MIT License
Copyright (c) 2017 Ngoc Anh Huynh
For any question (except the data augmentation), check first the issues on the original repository : https://github.com/experiencor/keras-yolo3/
- Yolo3 detection
- Yolo3 training (warmup and multi-scale)
- mAP Evaluation
- Multi-GPU training
- Evaluation on VOC
- Data Augmentation
- csv files compatible
To install the dependencies, run
pip install -r requirements.txt
And for the GPU to work, make sure you've got the drivers installed beforehand (CUDA).
It has been tested to work with Python 2.7.13 and 3.6
Grab the pretrained weights of yolo3 from https://pjreddie.com/media/files/yolov3.weights.
python yolo3_one_file_to_detect_them_all.py -w yolo3.weights -i dog.jpg
Organize the dataset into 4 folders:
-
train_image_folder <= the folder that contains the train images.
-
train_annot_folder <= the folder that contains the train annotations in VOC format.
-
valid_image_folder <= the folder that contains the validation images.
-
valid_annot_folder <= the folder that contains the validation annotations in VOC format.

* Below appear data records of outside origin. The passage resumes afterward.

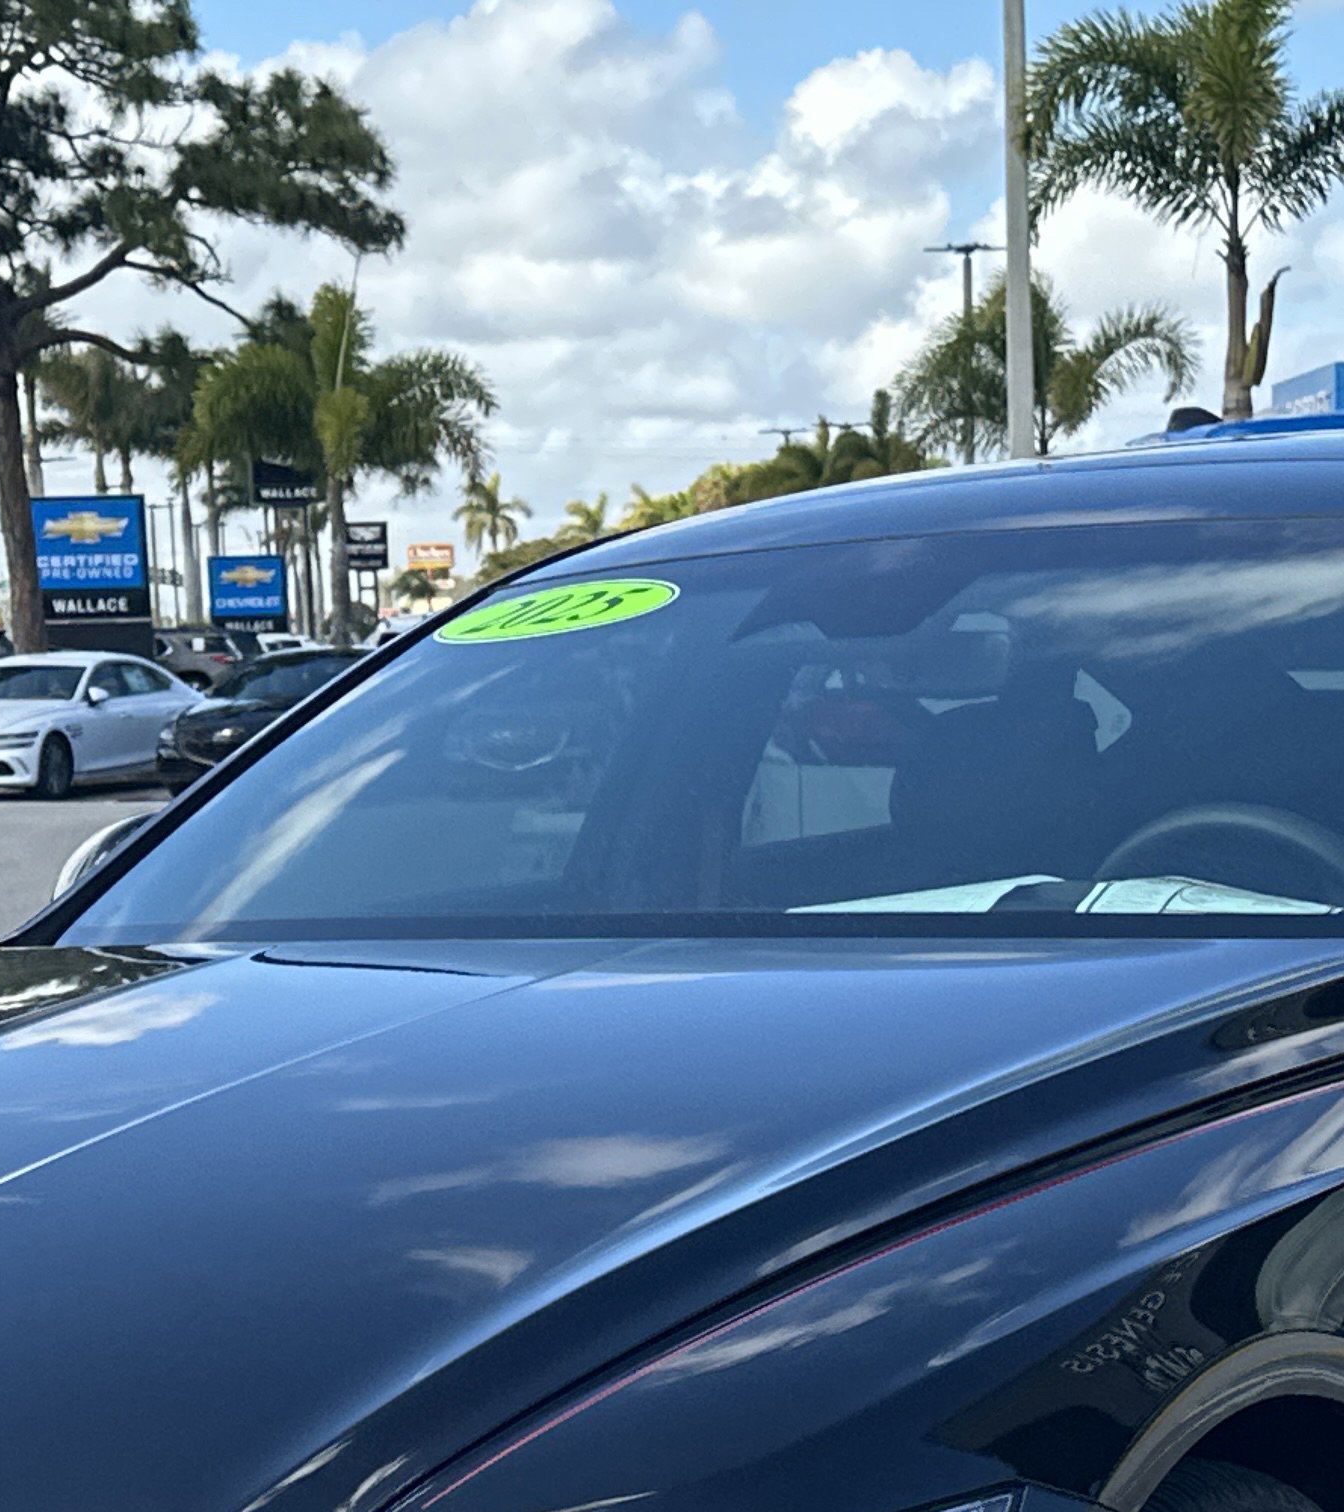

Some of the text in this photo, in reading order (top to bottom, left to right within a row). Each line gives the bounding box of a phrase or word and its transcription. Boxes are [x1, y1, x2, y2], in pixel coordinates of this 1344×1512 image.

[259, 486, 317, 499] WALLACE
[36, 553, 139, 568] CERTIFIED
[41, 566, 134, 579] PRE-OWNED
[51, 597, 128, 613] WALLACE
[458, 587, 654, 635] 2025

Each image must have a one-to-one correspondance with his annotation file
This repository only work with XML files. So, this script convert the csv file to XML.
Example :
csv_to_xml.py -c .\bounding_boxes\ -x annot_folder\
The script work with csv files with this structure :
filename,width,height,name,xmin,ymin,xmax,ymax
where :
- the filename is the name of the image
- the width and height are the image shape
- the name is the class of the object
- xmin, ymin, xmax, ymax are the object coordinates
The parameters are :
python3 csv_to_xml.py -c $param1 -x $param2
# 1st param - folder of the csv files
# 2nd param - folder where the XML files will be write
Create a "vanilla_dataset_annot" where you put all of your XML files and a "vanilla_dataset_img" where you put all of your images. These two folder will be the bedrock of the data augmentation : every data augmentation will be based on these folders.
Create a "aug_images" and "aug_annot" folder : these two folders will be fill by the new created images and xml annotation.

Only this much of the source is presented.